PROVIDED ENTRIES:
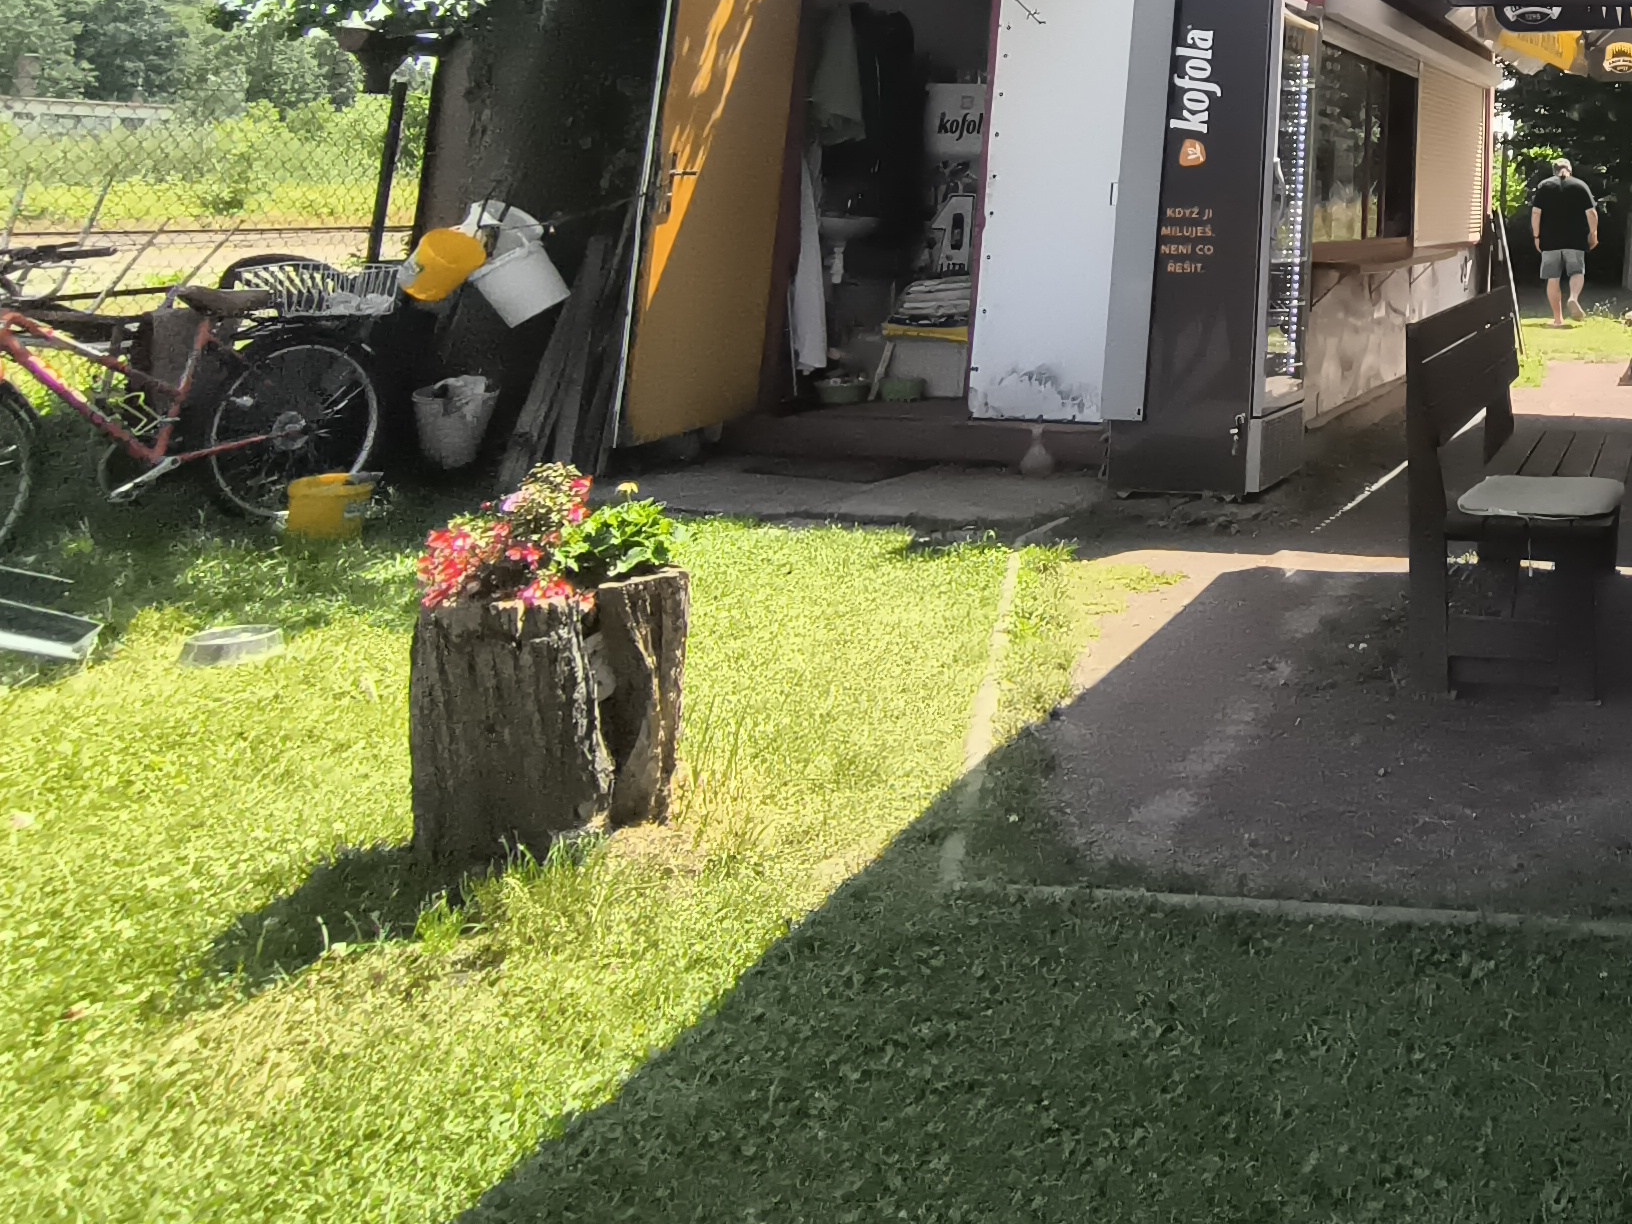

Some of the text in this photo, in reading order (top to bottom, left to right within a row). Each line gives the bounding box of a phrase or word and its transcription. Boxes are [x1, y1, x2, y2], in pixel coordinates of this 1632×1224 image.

[1170, 29, 1222, 134] kofola
[937, 112, 984, 141] kofol
[1166, 206, 1213, 220] KDYŽ JI
[1160, 243, 1214, 255] NENÍ CO
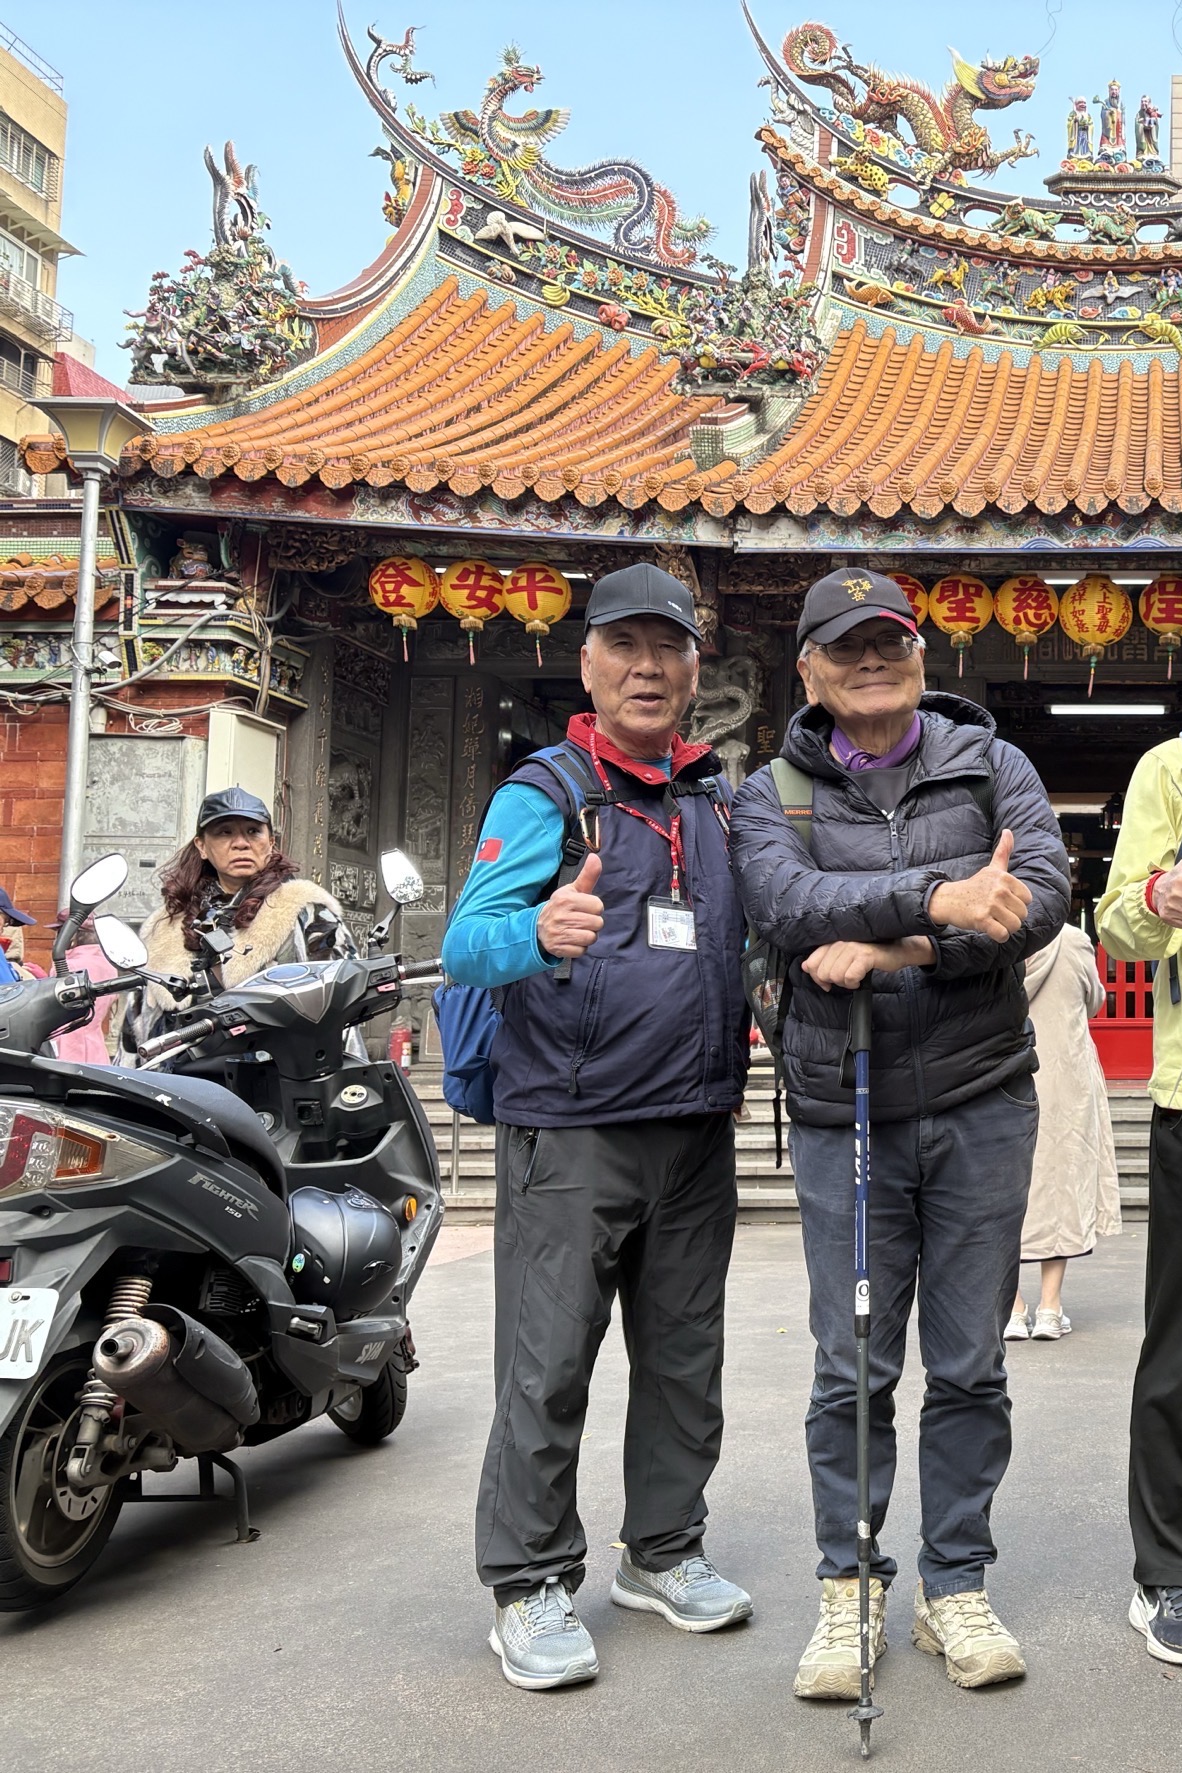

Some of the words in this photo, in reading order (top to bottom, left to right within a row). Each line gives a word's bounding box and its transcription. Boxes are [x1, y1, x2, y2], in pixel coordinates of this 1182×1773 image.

WHAT THE EXERCISE ASKS: Copy the entire listing exactly but skip the pictures.

EXPECTED OUTPUT:
Some of the text in this photo, in reading order (top to bottom, left to right within a row). Each line gives the bounding box of a phrase or word and its transcription. Boxes are [x1, y1, x2, y2], in pixel coordinates of this 1632×1224 image.

[1170, 29, 1222, 134] kofola
[937, 112, 984, 141] kofol
[1166, 206, 1213, 220] KDYŽ JI
[1160, 243, 1214, 255] NENÍ CO

Some of the words in this photo, in reading order (top to bottom, left to right within a row). Each line gives a word's bounding box and its transcription. Boxes are [x1, y1, x2, y2], in pixel coordinates of this 1182×1773 image.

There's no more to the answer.